Monday, December 26, 2005

Reporting War

The Washington Post is now reporting on unembedded US reporters who are trying to get out the real story of Iraq. The article decries the negative reports on Iraq in the US press, and chronicles the efforts of an American blogger to go to Iraq and bring the real story of US military operations there, especially the building efforts underway which are headed by US troops and contractors.

The article wants to present an objective reflection of the US military operation...

Unfortunately, the US military has not allowed anything except pro-American reports to leave the area. I applaud the effort to present objective information about this war. But to get this information, I have to rely on foreign news sources, mostly Arabic sources.

The Washington Post article assumes--like the US military does--that these reports from Arab news media are biased and unobjective. This Post article even implies that all Arab news is suspect since it supposedly plays into the insurgents' and terrorists' propaganda. Another way to look at it is to see that these sources are simply reporting the facts--facts which often go against the rosy picture that the US military and US politicians would like to present.

No doubt, showing pictures of families blown apart by US aerial bombardment creates anger among viewers--the reason that you have never seen any of these photos and pictures on US media outlets, nor can you expect to any time soon.

The US military appears to want to have the news war its own way. It has obviously failed to gain the hearts and minds of the Iraqi populace. Yet it has a captive audience at home where little reporting beyond simple numbers that refer to faceless, nameless American casualities and insurgent bombings makes its way into 24/7 TV news feeds.

It seems that the US TV news media have simply thrown in the towel in covering this war. Realizing that they will generate great uproar among viewers on both sides of this issue, they just rely on a general, vague, unfocused coverage of the war.

Except for scandals such as torture and Abu Ghraib, you cannot expect to find true war coverage in the US media. True war coverage involves not only presenting the side of the soldier but also of the enemy. It should also, perhaps most importantly, report on the civilians who suffer either way--from enemy and friend alike.

If the military were interested in objective war coverage in Iraq, it would not be running its own propaganda effort to place pro-US articles in Iraqi news media. It would better use that money to support Arabic sources, whose reporting follows western standards more than the military or the western media are willing to admit.

Repsonsibility for information coming from this war should be practised by all news sources. For the military to bitch about stories that do not always fit their scenario seems more than disingenuous, however. They have exercised immense control over the flow of information coming from this war. Indeed, this control is probably unprecedented in the annals of modern warfare.
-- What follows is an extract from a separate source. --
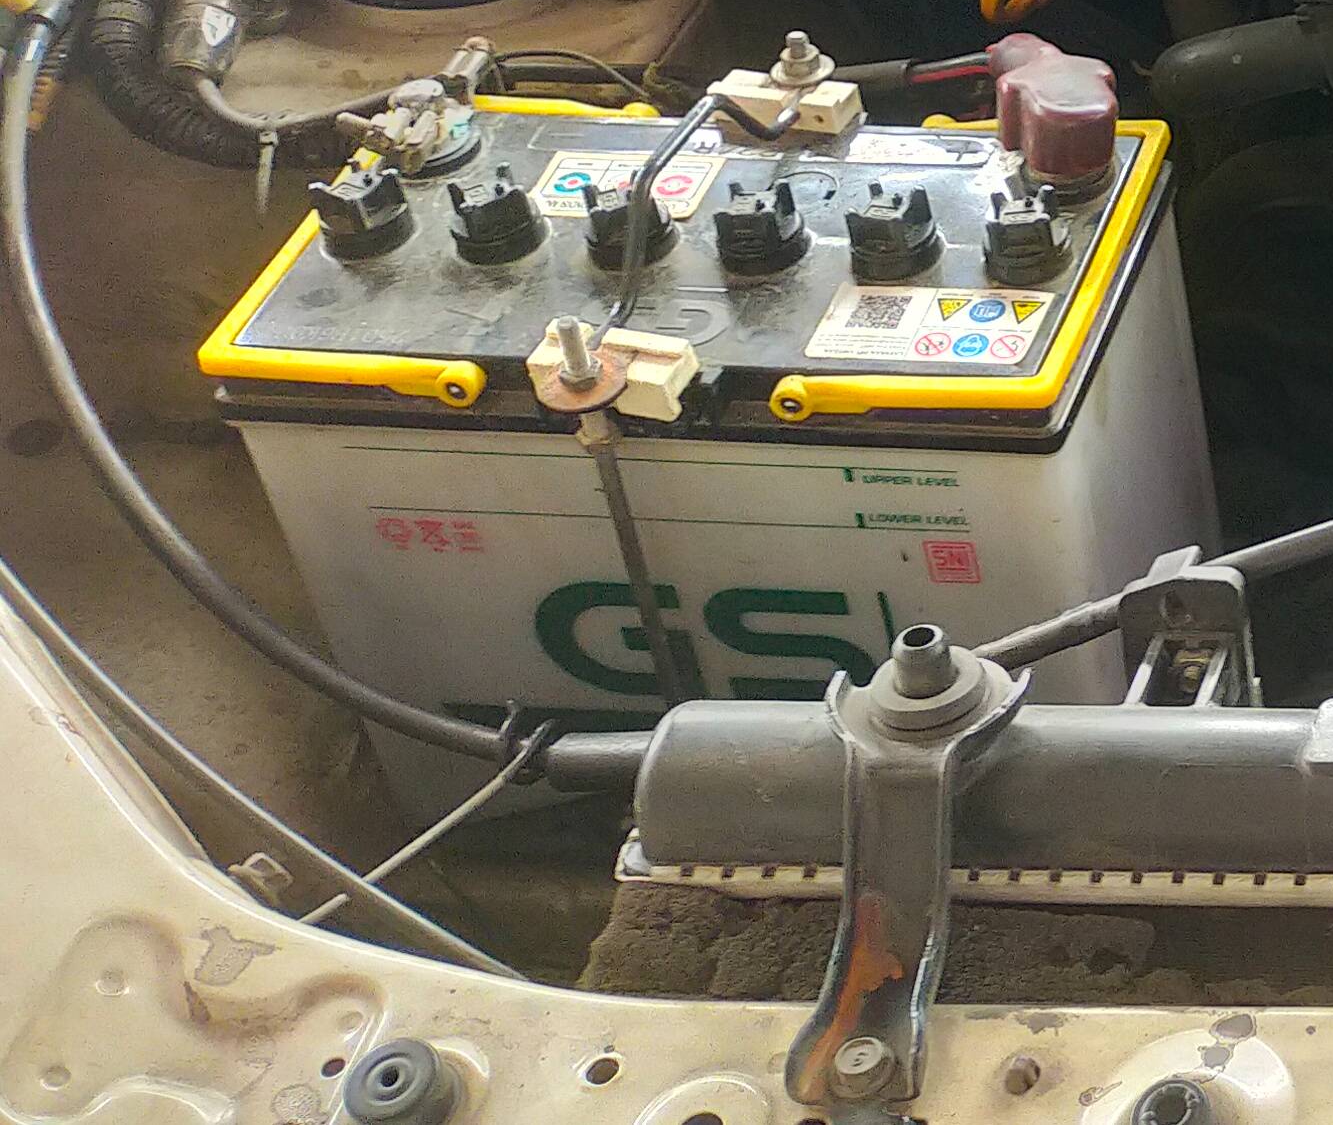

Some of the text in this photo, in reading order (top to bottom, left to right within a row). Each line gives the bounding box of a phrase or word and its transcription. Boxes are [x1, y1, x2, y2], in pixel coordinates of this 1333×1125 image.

That their stories do not get to the general Arab public is once again an indication of what they have simply failed to do in Iraq itself: gain the trust of the everyday Arab public.

2 comments:

Buck said...

For the military to bitch about stories that do not always fit their scenario seems more than disingenuous, however. They have exercised immense control over the flow of information coming from this war. Indeed, this control is probably unprecedented in the annals of modern warfare.

You are completely clue-free, unless you define "modern warfare" as beginning sometime around the first of the year.

Faustus and FrankenKitty said...

Buck, Thanks for the clue... I do not think that any time past has had the technological tools to provide the type of comprehensive blackout that the military has imposed on the US press.